Francisco Carvalho, candidato do PAICV a primeiro-ministro de Cabo Verde nas legislativas do próximo dia 17 de Maio, afirmou ontem, em Santiago, que a primeira semana de campanha reforçou a confiança dos cabo-verdianos no projecto do partido. Da mesma forma, reiterou aquilo que vem prometendo durante a campanha, ou seja, a intenção de reduzir despesas “supérfluas” do Estado para financiar medidas do programa eleitoral.
Instado sobre o balanço da campanha pela imprensa, afirmou que os contactos mantidos com a população em várias ilhas reforçaram a convicção de que o projecto “Cabo Verde para Todos” responde às principais preocupações dos cidadãos.
“Sou um conhecedor de Cabo Verde, desde a juventude, e tenho percorrido o país ao longo dos anos. Mas nada substitui este contacto directo com as pessoas, porque a realidade muda todos os dias”, explicou citado pela Inforpress.
Nesse contexto, garantiu que as propostas do PAICV foram definidas com base no quotidiano dos cabo-verdianos e privilegiam sectores como emprego, saúde, administração pública e acesso à água.
Fortalecimento do sector privado
Na área do emprego, defendeu uma parceria “forte” com o sector privado, sublinhando que o objectivo não é aumentar a máquina estatal, mas criar condições para o crescimento das empresas. O líder do PAICV anunciou, igualmente, medidas de simplificação administrativa para reduzir a burocracia e acelerar as respostas do Estado aos empresários.
“A administração pública tem de ser mais rápida, eficaz e eficiente, funcionando à velocidade que o empresariado precisa”, defendeu. Francisco prometeu ainda melhorias no funcionamento das alfândegas e investimentos na formação contínua de médicos e enfermeiros, defendendo melhores condições de trabalho para os profissionais da saúde.

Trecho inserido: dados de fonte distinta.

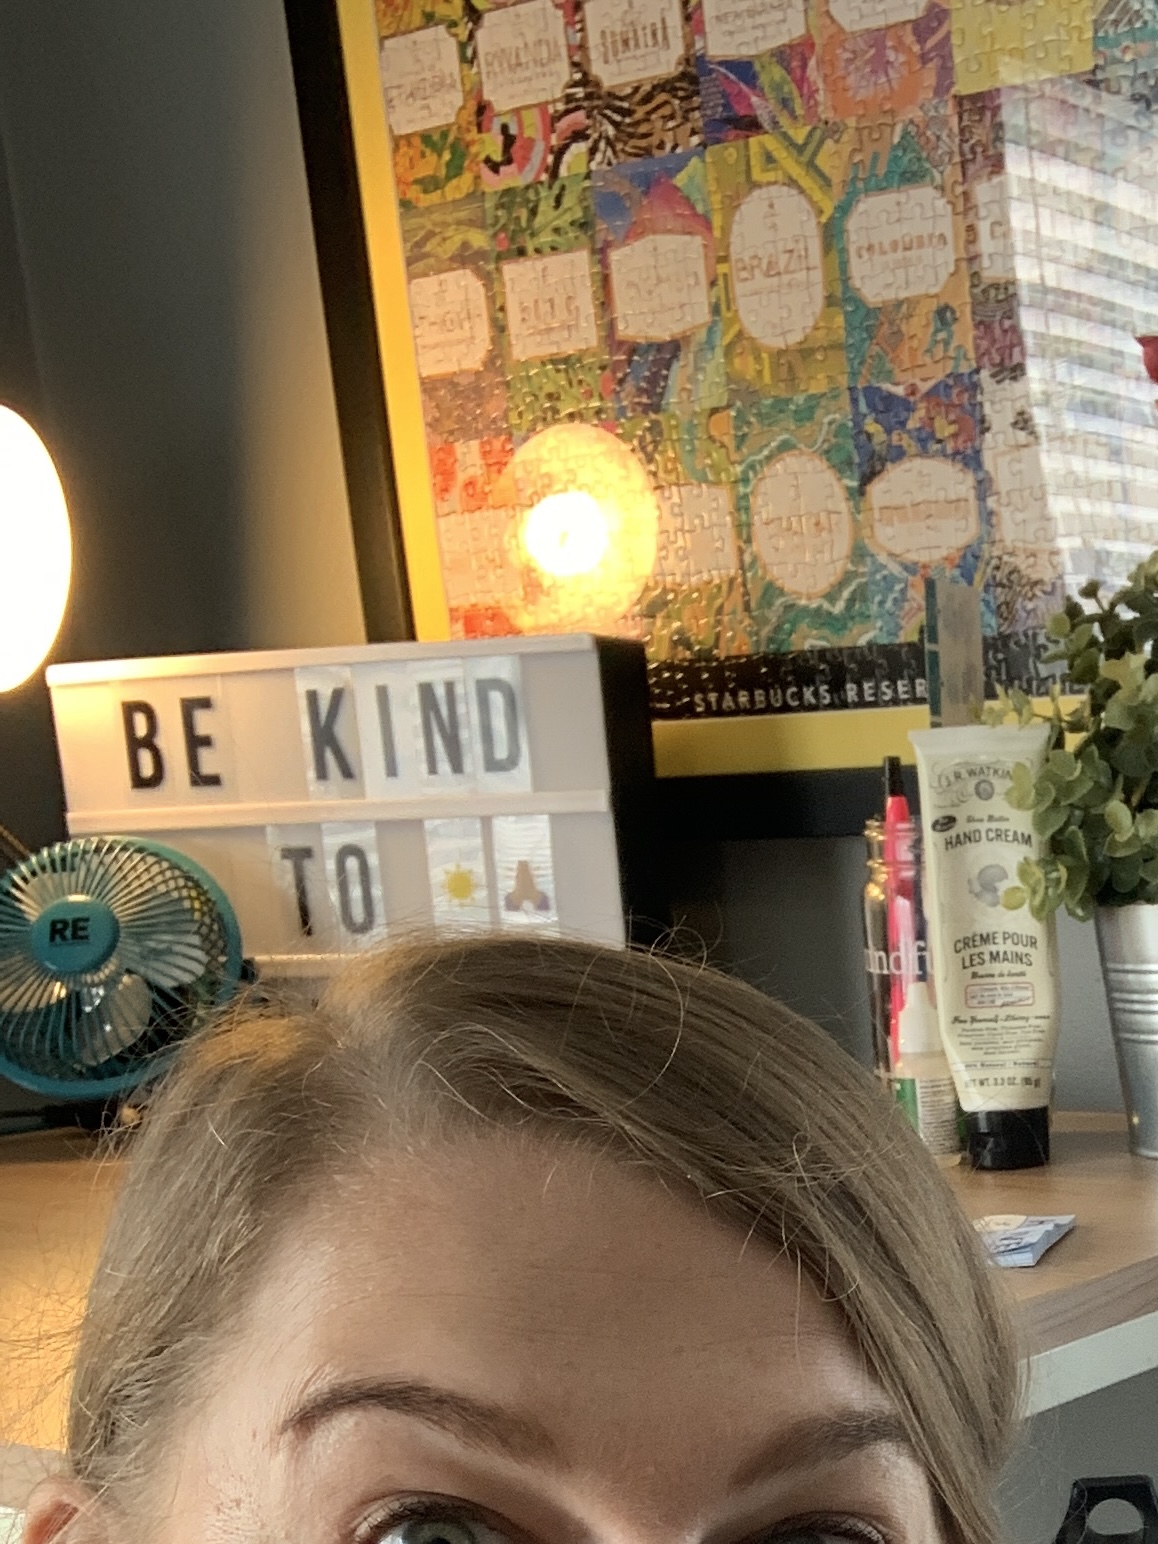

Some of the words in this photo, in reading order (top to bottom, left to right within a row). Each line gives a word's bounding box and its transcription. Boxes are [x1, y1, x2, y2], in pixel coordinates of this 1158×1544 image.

[694, 683, 831, 712] STARBUCKS
[846, 678, 929, 703] RESER
[121, 696, 223, 789] BE
[306, 678, 522, 781] KIND
[944, 829, 982, 851] HAND
[986, 828, 1032, 848] CREAM
[280, 843, 377, 937] TO
[48, 916, 91, 944] RE
[954, 931, 999, 954] CRÈME
[1002, 931, 1038, 950] POUR
[961, 951, 986, 970] LES
[989, 950, 1033, 967] MAINS

Disse ainda aquilo que tem sido tónica, nesta primeira semana de campanha, ou seja, que o partido pretende reduzir despesas do Estado.
“Vamos cortar tudo aquilo que é gordura e despesas supérfluas do Estado para termos mais recursos disponíveis”, declarou, criticando os “4,5 mil milhões de escudos” gastos em estudos e consultorias.
Cinco partidos e mais de 500 candidatos efectivos
Para as eleições legislativas de 17 de Maio próximo, a campanha eleitoral conta com a participação das três forças políticas com assento parlamentar (MpD, PAICV e UCID), assim como a participação do PP e do PTS, que concorrem em apenas seis círculos eleitorais.
Estão em disputa 72 assentos na Assembleia Nacional, sendo 66 eleitos pelos círculos nacionais e seis pelos círculos da emigração.
Ao todo, são mais de 500 candidatos efectivos em destaque na campanha, que arrancou a 30 de Abril, e decorrerá até às 24 horas do dia 15 de Maio.